Collected data:
== Segment start ==

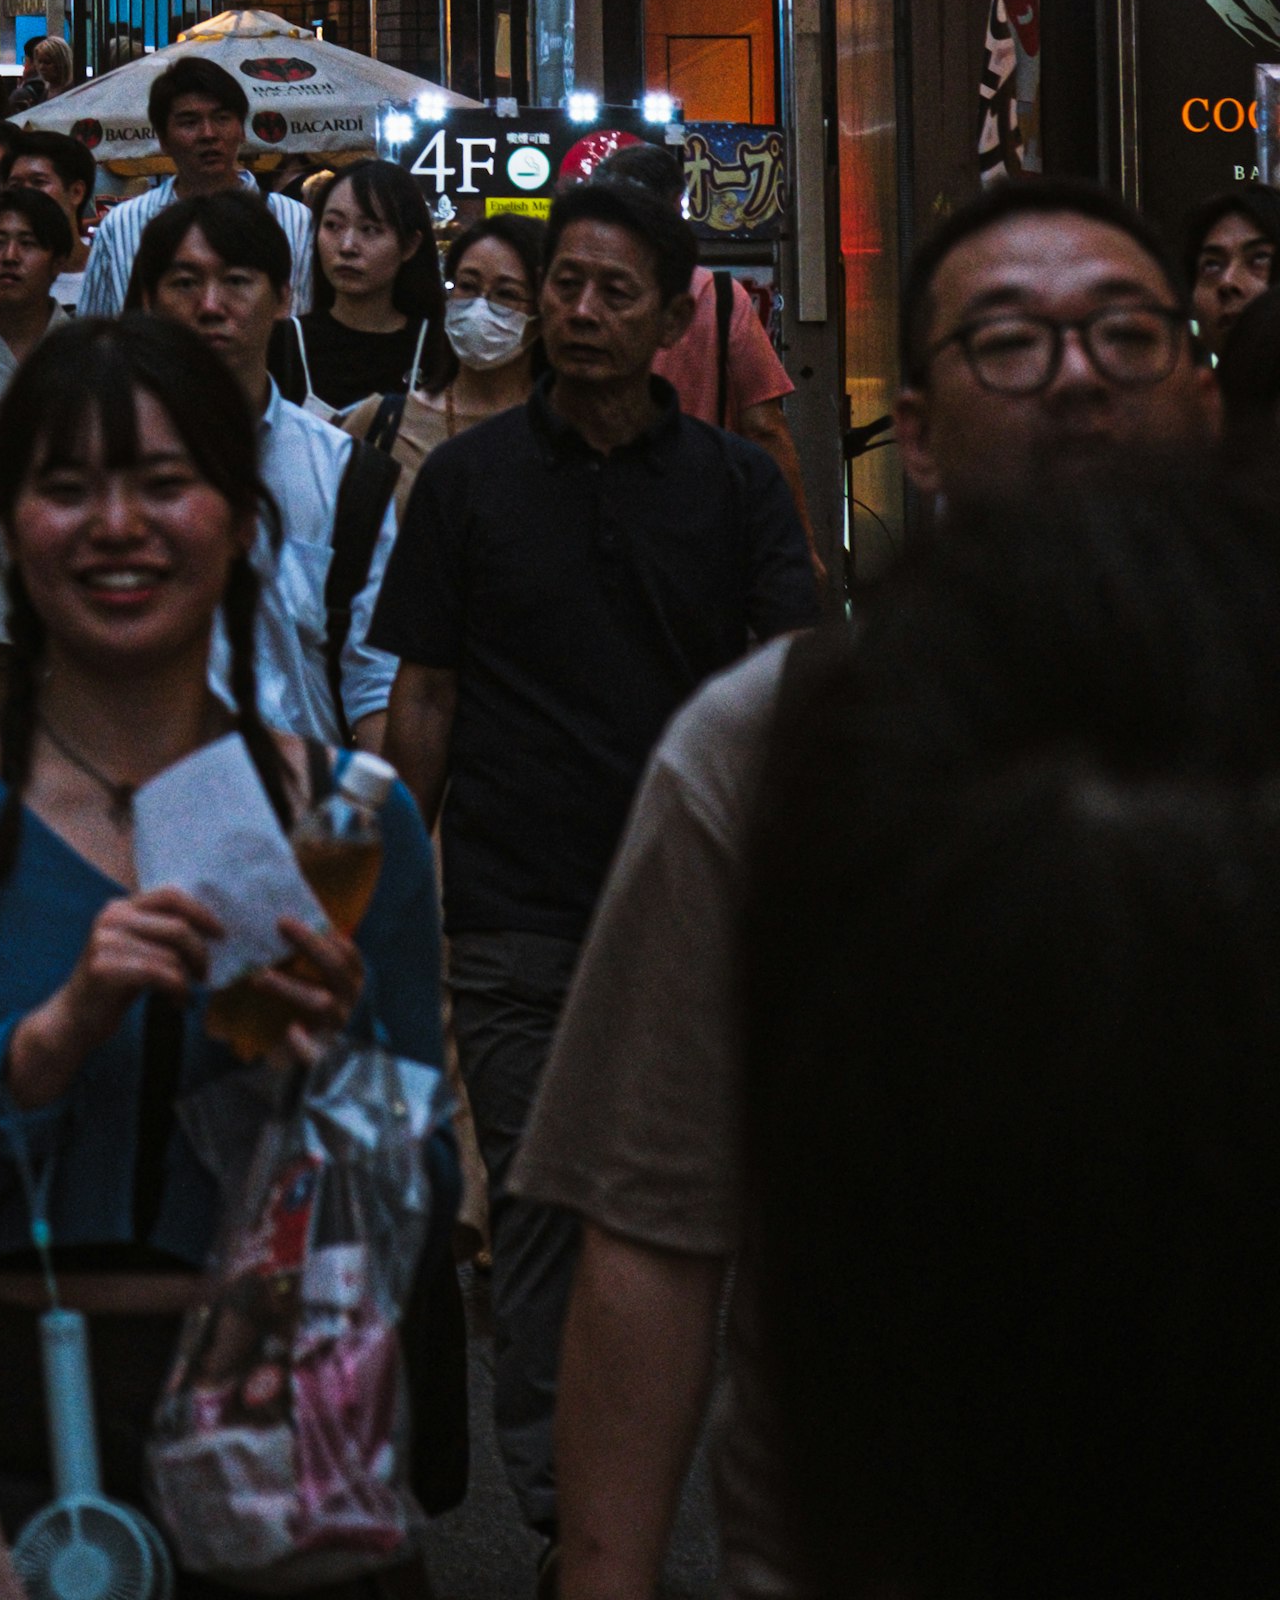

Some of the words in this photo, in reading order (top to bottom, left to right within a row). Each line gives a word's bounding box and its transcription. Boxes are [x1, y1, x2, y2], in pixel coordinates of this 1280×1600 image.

[410, 129, 497, 193] 4F
[684, 132, 784, 221] オープ
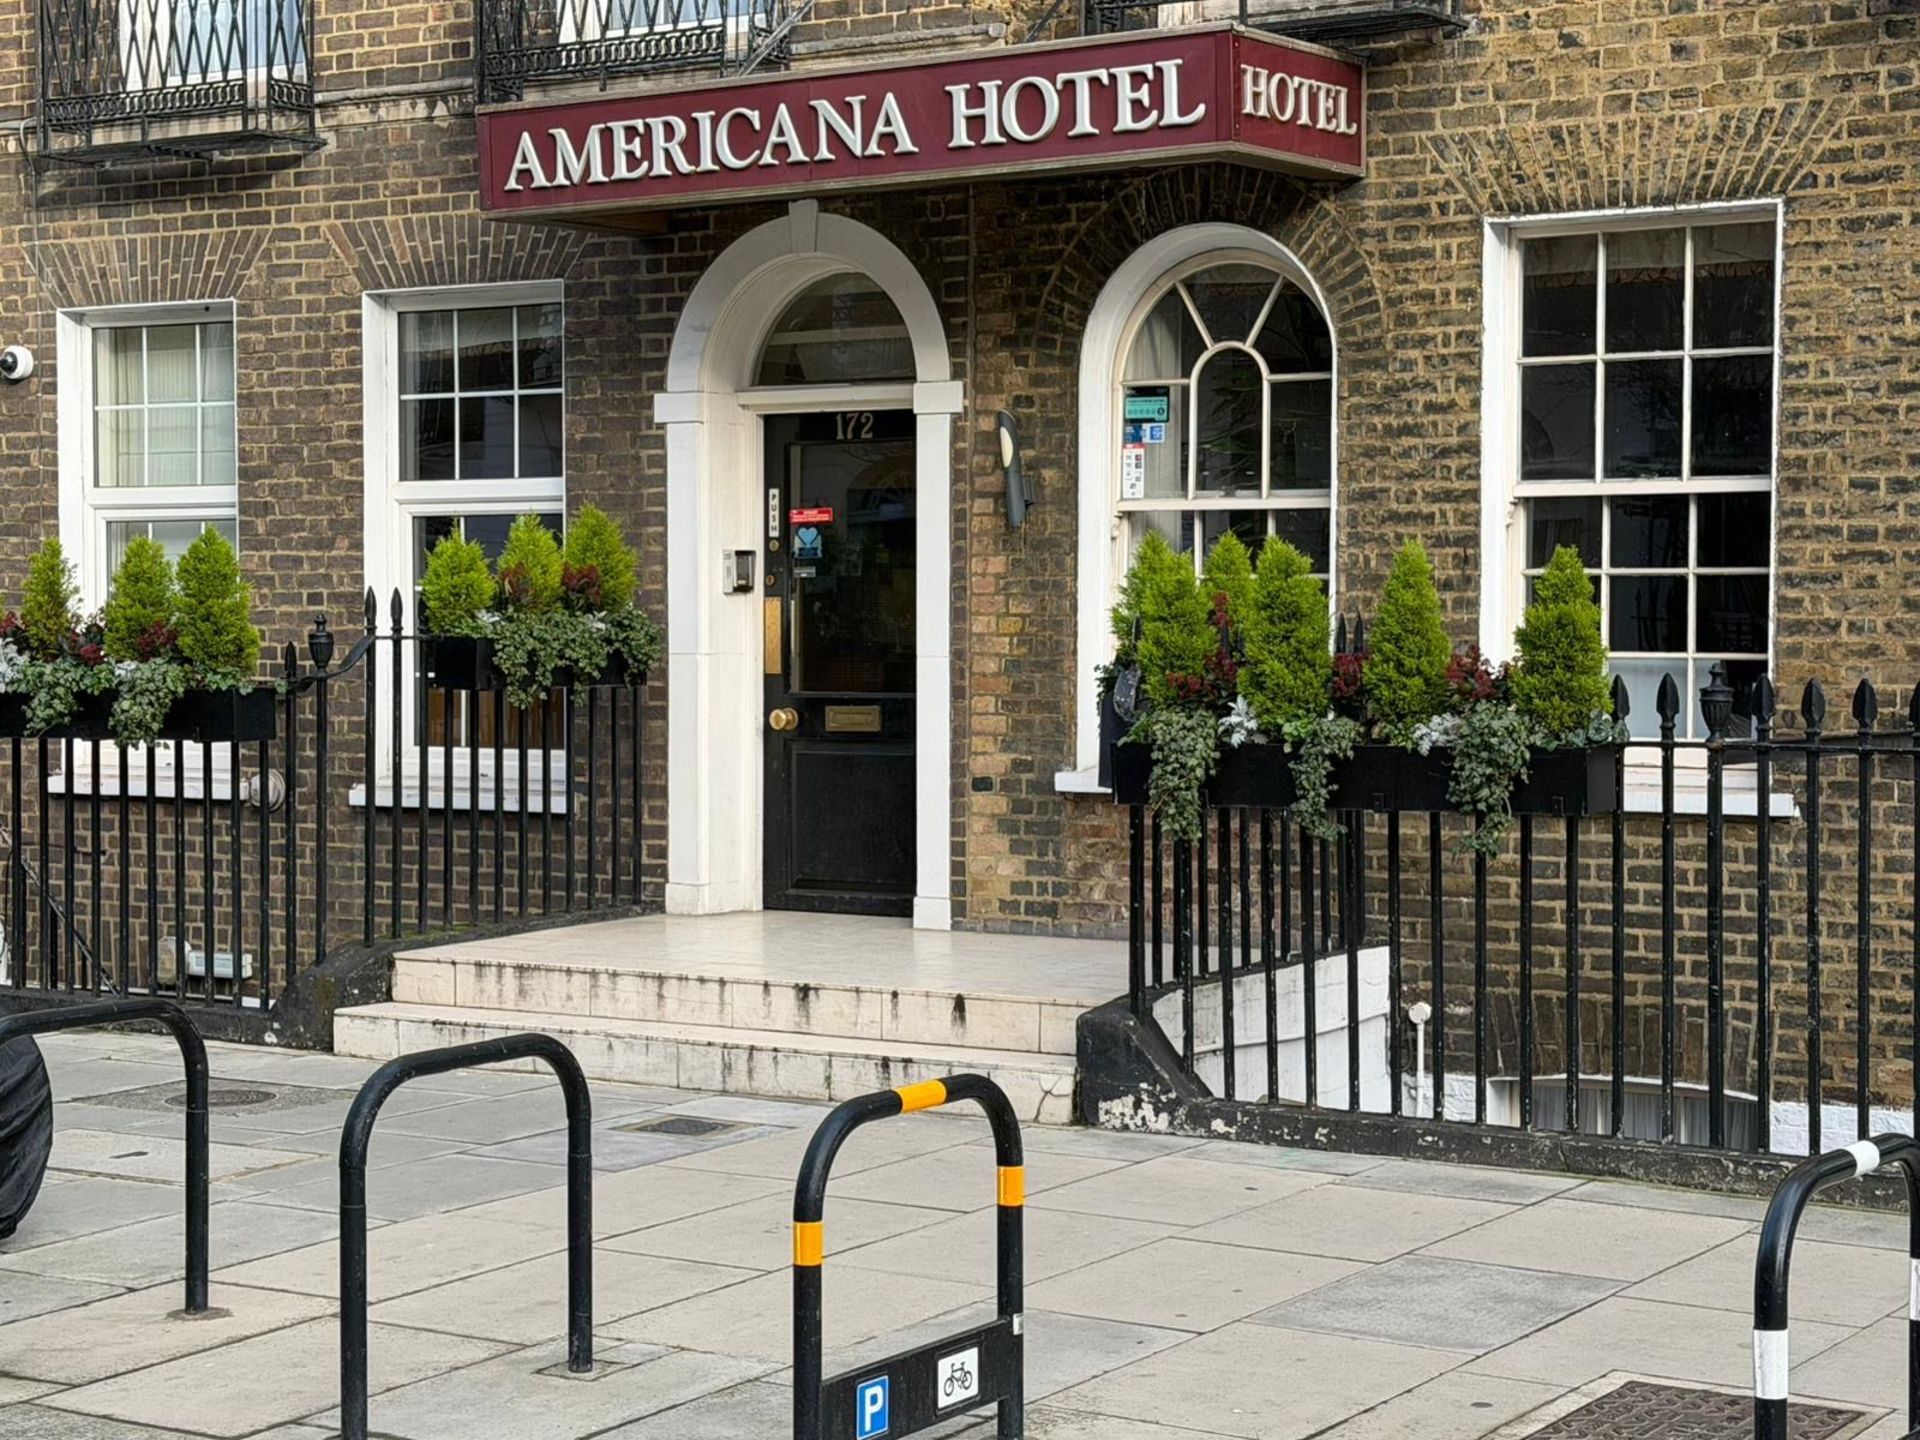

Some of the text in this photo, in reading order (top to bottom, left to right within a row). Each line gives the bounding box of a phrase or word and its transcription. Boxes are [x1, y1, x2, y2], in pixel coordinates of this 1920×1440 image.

[504, 57, 1206, 191] AMERICANA HOTEL
[1240, 64, 1358, 135] HOTEL
[836, 412, 874, 440] 172
[865, 1386, 883, 1432] P

== Segment end ==

■ **Activity**:
Give a verbatim transcription of the entries, leaving out the pictures.

■ **Answer space**:
Some of the words in this photo, in reading order (top to bottom, left to right within a row). Each line gives a word's bounding box and its transcription. Boxes are [x1, y1, x2, y2], in pixel coordinates of this 1280×1600 image.

[410, 129, 497, 193] 4F
[684, 132, 784, 221] オープ

Some of the text in this photo, in reading order (top to bottom, left to right within a row). Each line gives the bounding box of a phrase or word and its transcription. Boxes are [x1, y1, x2, y2], in pixel coordinates of this 1920×1440 image.

[504, 57, 1206, 191] AMERICANA HOTEL
[1240, 64, 1358, 135] HOTEL
[836, 412, 874, 440] 172
[865, 1386, 883, 1432] P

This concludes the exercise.